<<<<
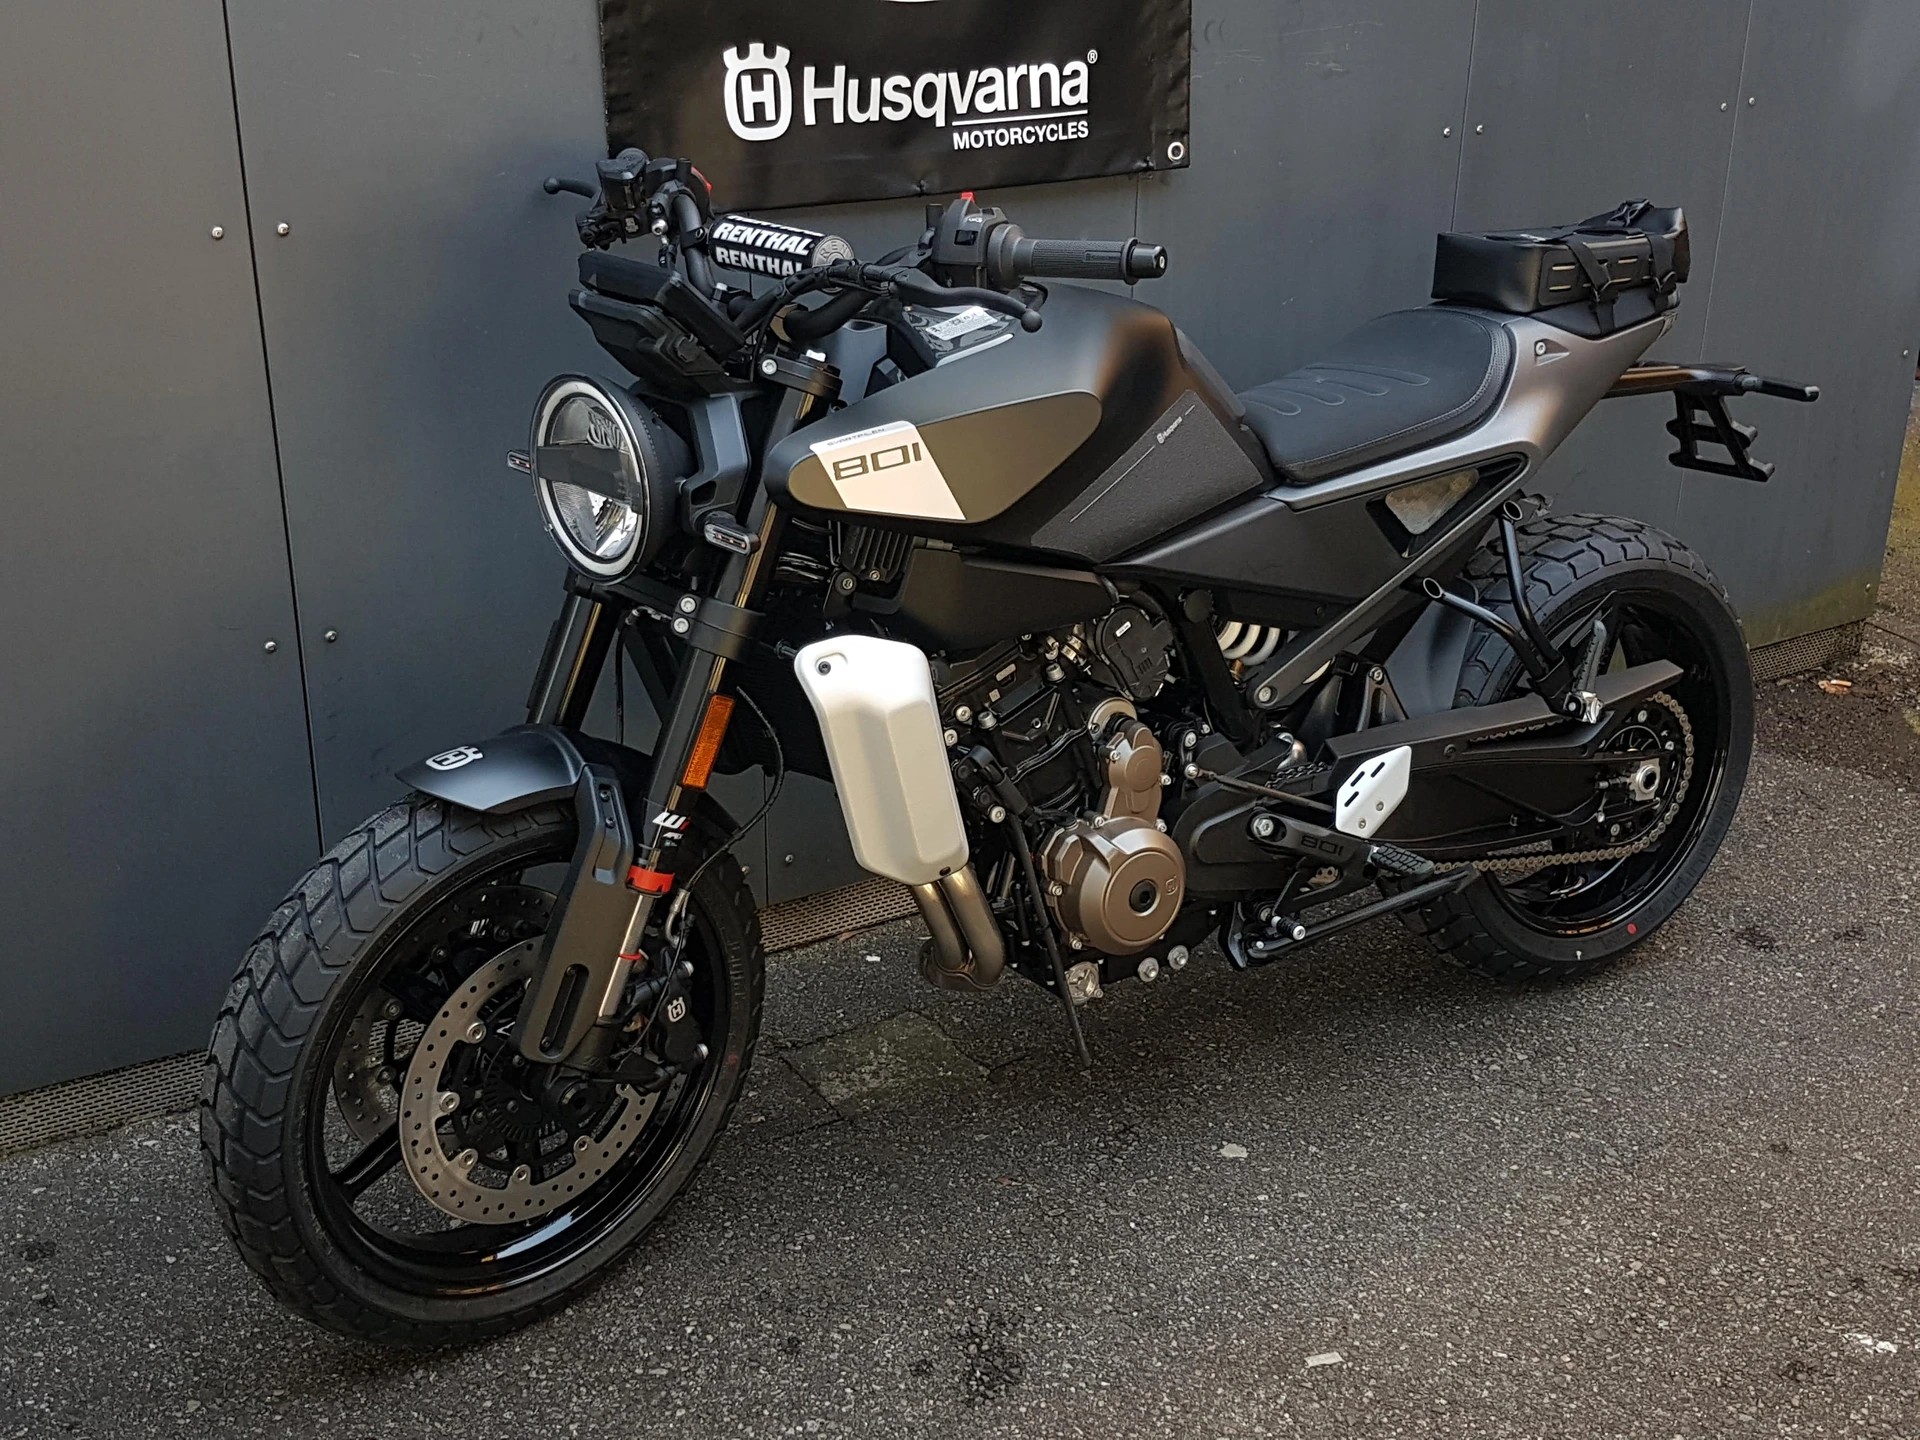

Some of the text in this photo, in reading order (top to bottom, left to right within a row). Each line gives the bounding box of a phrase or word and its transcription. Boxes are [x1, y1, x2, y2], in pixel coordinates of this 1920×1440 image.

[952, 120, 1089, 150] MOTORCYCLES
[712, 222, 813, 256] RENTHAL
[832, 442, 922, 481] 801
[1301, 833, 1345, 857] 801
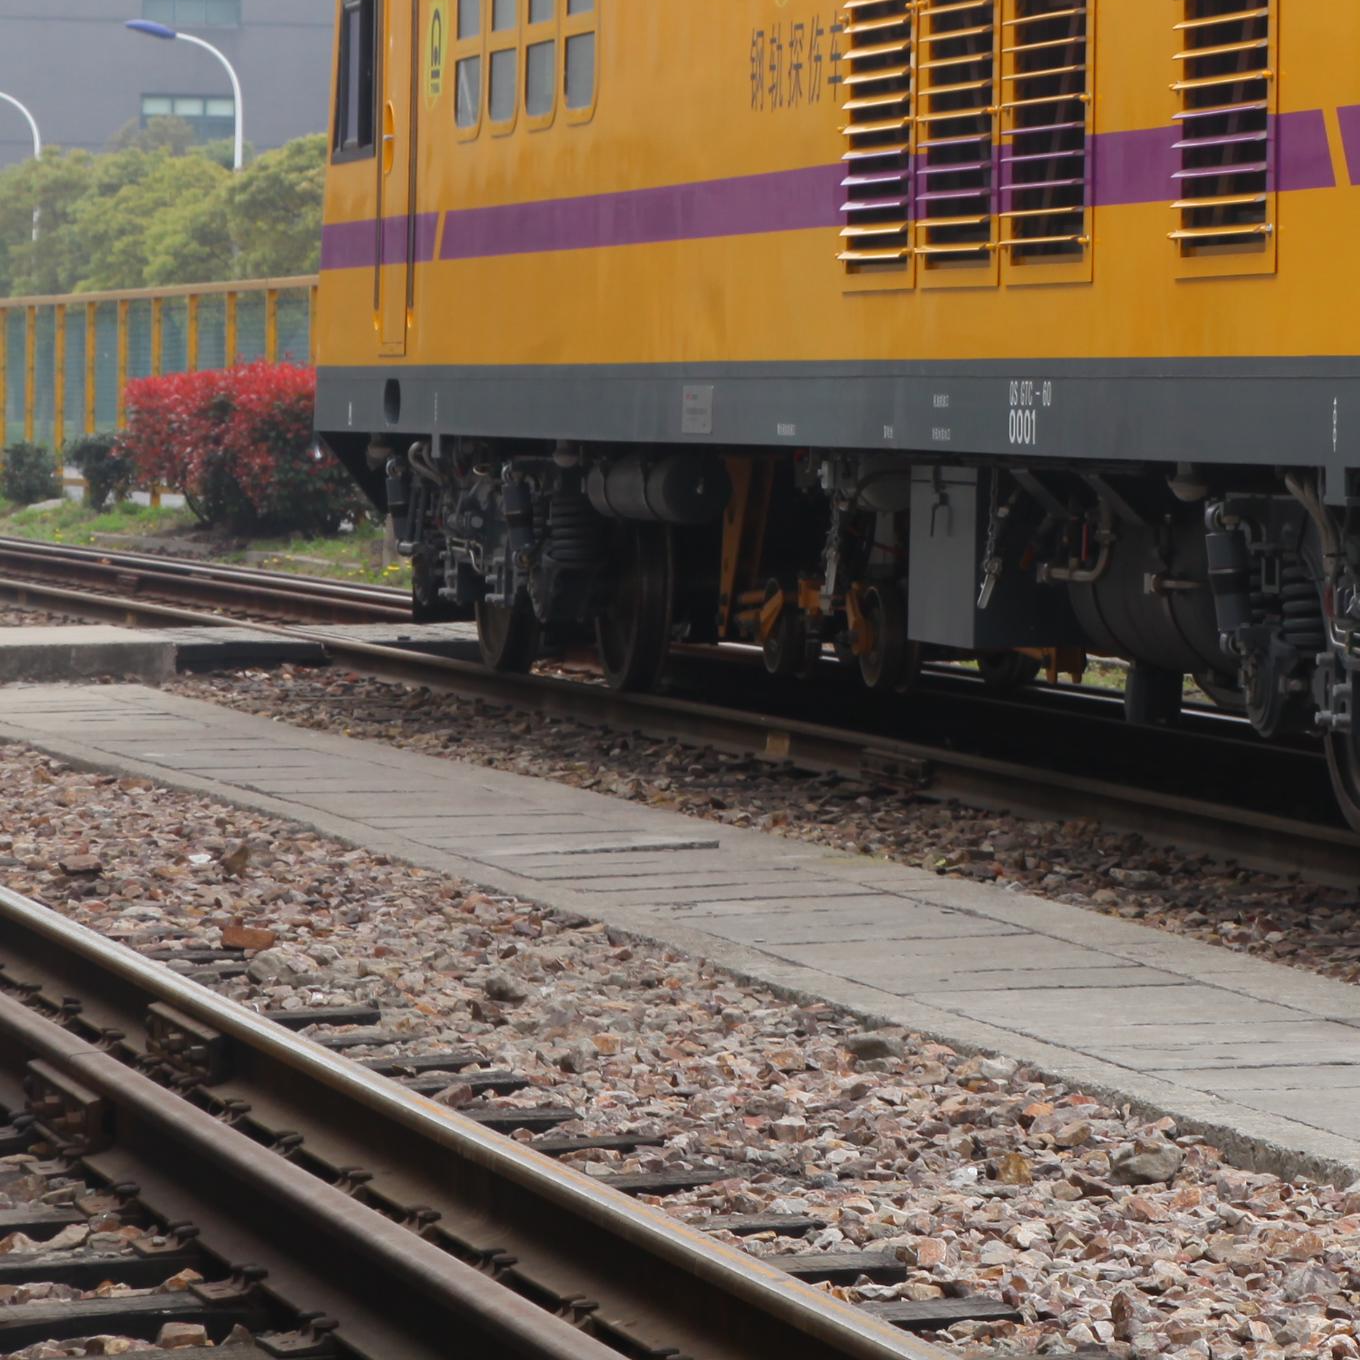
>>>>
_ABOUT THIS TASK_. Output, exactly, all the records above; include no pictures.

_EXERCISE SOLUTION_.
Some of the text in this photo, in reading order (top to bottom, left to right within a row). Each line gives the bounding box of a phrase or word and its transcription. Boxes are [x1, y1, x2, y2], in pixel coordinates of this 1920×1440 image.

[952, 120, 1089, 150] MOTORCYCLES
[712, 222, 813, 256] RENTHAL
[832, 442, 922, 481] 801
[1301, 833, 1345, 857] 801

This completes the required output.